# Pronoun focus.



## Inglip

I get very confused about the focus of a sentence that contains two pronouns, how can I work out the focus? 

For example, I am given to understand that these sentences mean exactly the same thing.

Kumain ang lalaki ng manok kagabi. 
Kumain ng manok ang lalaki kagabi

I know it was the man who ate the chicken, and not the chicken who ate the man because of the focus 'ang' even though chicken and man can be two ways around

But what if 'ang' isn't used?

Bumili siya ako
Bumili ako siya

How do I know if 'I' was bought buy 'him' or vice versa? and do both these sentence mean the exact same thing?


----------



## DotterKat

_"Bumili siya ako."_  and "_Bumili ako siya." _are both wrong so please banish these sentence structures from your thoughts completely.

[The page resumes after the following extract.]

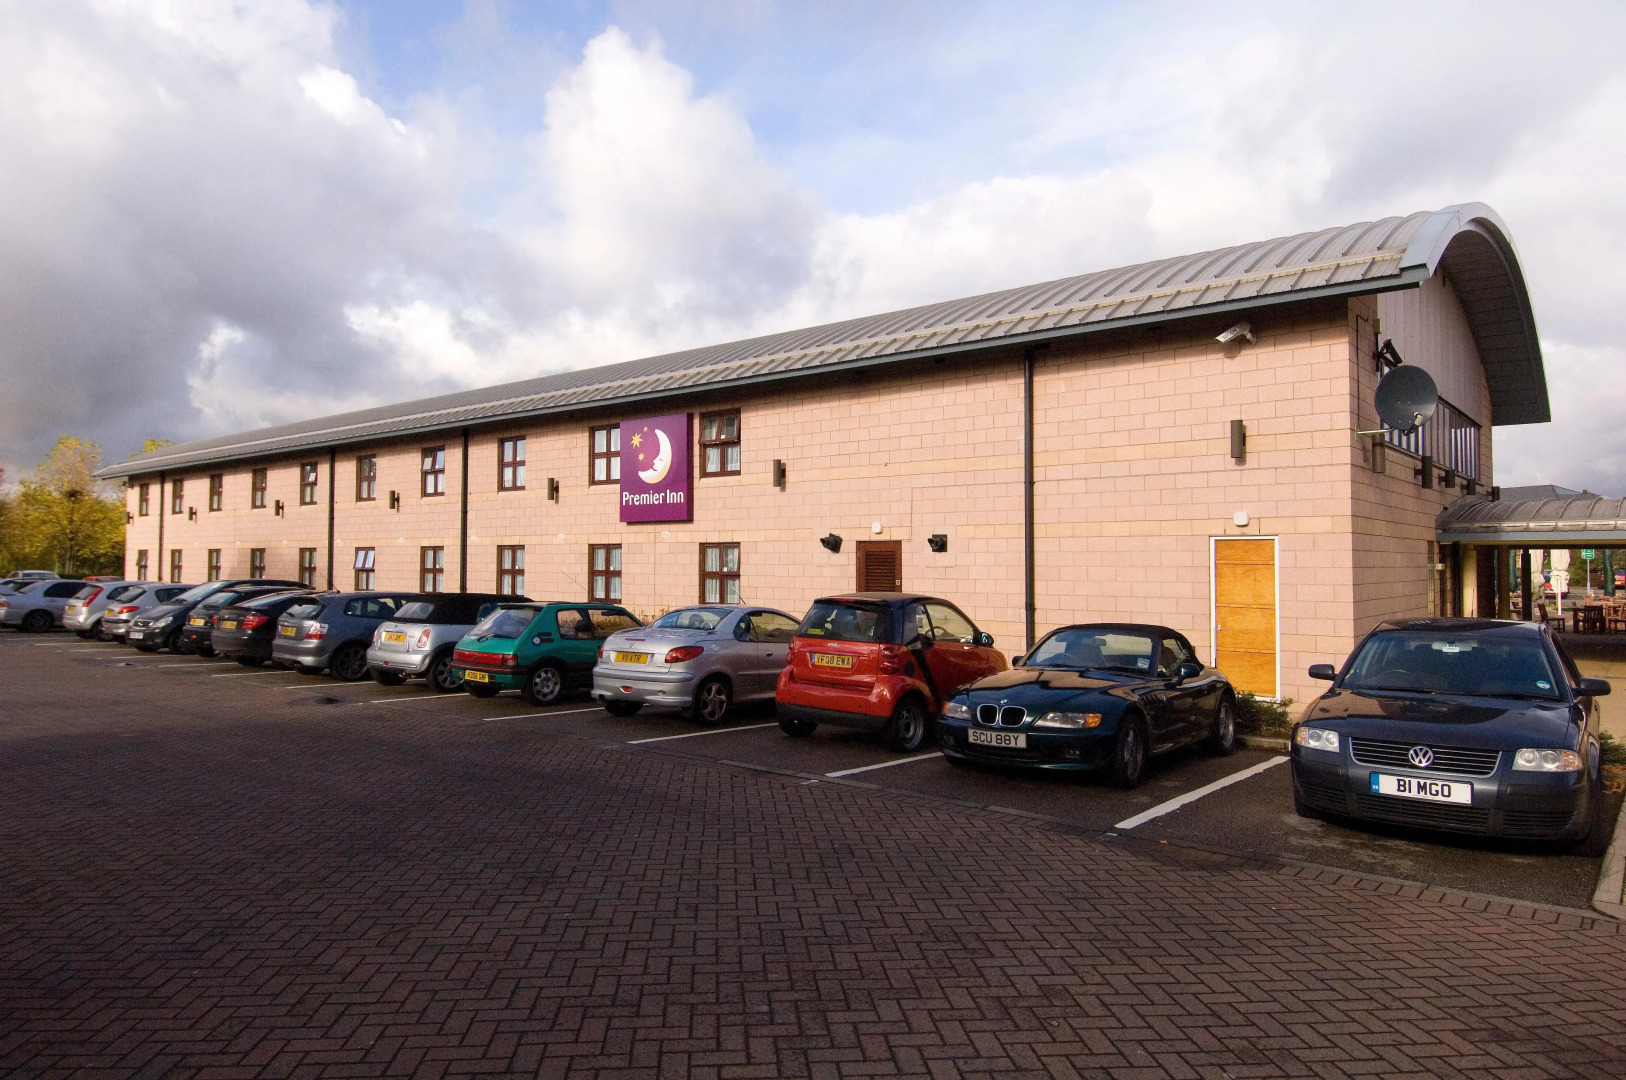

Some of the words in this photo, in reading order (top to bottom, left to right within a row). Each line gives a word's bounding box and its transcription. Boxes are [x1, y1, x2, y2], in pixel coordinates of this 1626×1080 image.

In a hypothetical world where human beings are commodities, you will have to conjugate *bili *(to buy) in the object-focused form and use the corresponding pronouns needed.

*Binili *ko siya. _(I bought him/her.)
_*Binili *niya ako. _(He/She bought me.)_


----------



## Inglip

right, I did think that sentence was a bit wrong. I will come back with the actual sentence that had pronouns in, and I couldn't tell the focus.


----------